I think sometimes people forget that we are in fact doing the most important job in the world, it's just that we don't get paid for it.

nightowl · 05/04/2007 01:45

oh i remember my first jobcentre interview (ie, the one you have no choice but to go to) when the nice patronising lady leaned across the desk to me and said "now, have you ever worked before?" with a hugely false sympathetic smile on her face.

oh yes you stupid woman, for the last ten years ever since i left school..do you not understand the word redundancy? ffs, ive been out of work for a couple of months.

although actually she was extremely helpful later on with calculations and such...just extremely patronising with it.

oh and lone parents are always on trial. especially if you live in rented accommodation and claim benefit, or work part time and claim tax credits, or any combination of these that you care to imagine! or you could own your property and work full time but then you're neglecting your kids. i've heard it all.

monika11 · 05/04/2007 08:50

why always lone parents on trial?
why they are always like a soft target?
why nothing happens to escaping fathers?
why do single mummies have to feel guilty all the time?
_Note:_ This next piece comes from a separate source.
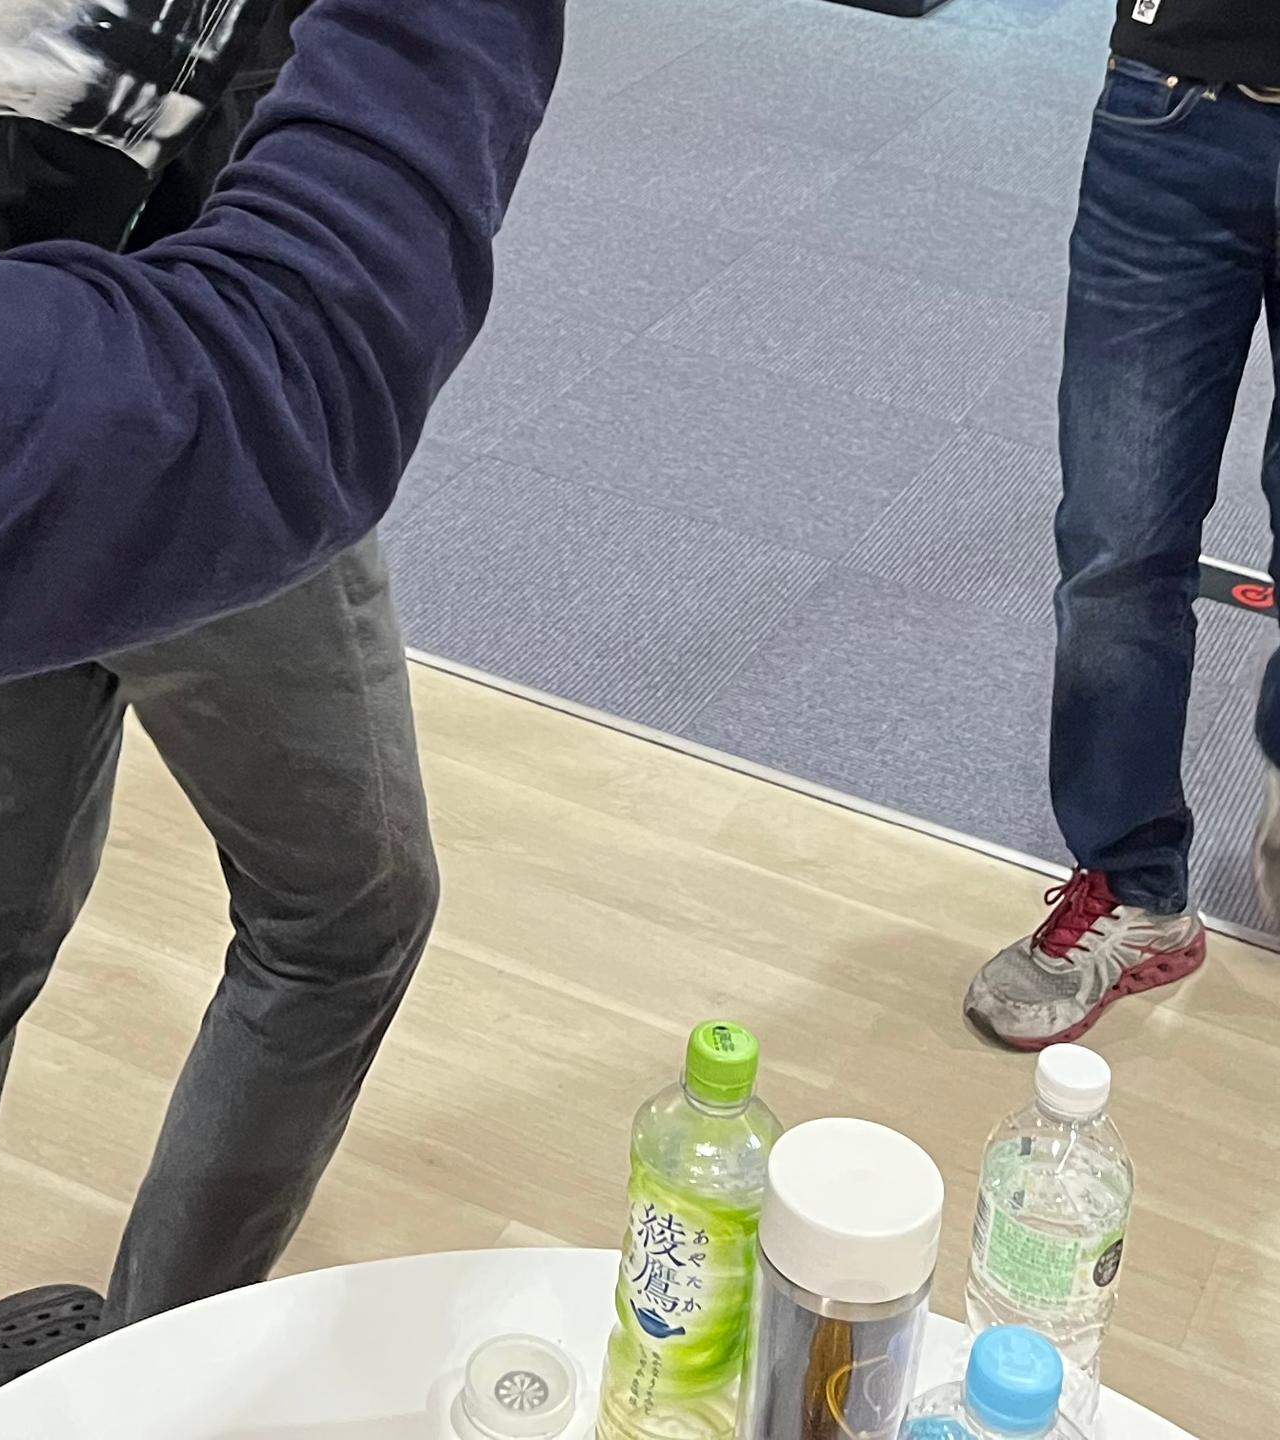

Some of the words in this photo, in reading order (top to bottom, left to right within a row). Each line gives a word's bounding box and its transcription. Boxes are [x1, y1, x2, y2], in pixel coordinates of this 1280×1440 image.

[631, 1202, 687, 1314] 綾鷹
[682, 1228, 711, 1314] あやたか
monika11 · 05/04/2007 08:53

life is already difficult for us.

madamez · 05/04/2007 09:11

Nope. Have worked my arse off (generally for low pay) for the best part of 20 years before having DS< am still working (self-employed and again v low pay) but need tax credits and HB so we don't starve.
It is the one big social problem that's the elephant in the room. Children need to be cared for by an adult and that adult needs an income. Housing costs are high and wages for quite a substantial number of people are low.
SO whether or not you're single, the job of looking after DCS is one that merits an income. End of.

expatinscotland · 05/04/2007 09:19

'why nothing happens to escaping fathers? '

That is my thought every time I hear someone carrying on about single mothers.

And some guy skates away w/o so much as a backwards glance.

NuttyMuffins · 05/04/2007 21:27

My last letter from the benefits people was to inform me that from now on I would have to attend a lone parent review every 6mths instead of 12.

Right well, I have been split from xp for 13mths and I have already attended 3 lone parent reviews so how does that work then ??

Each and every one has been a waste of time, effort and money, theirs and mine.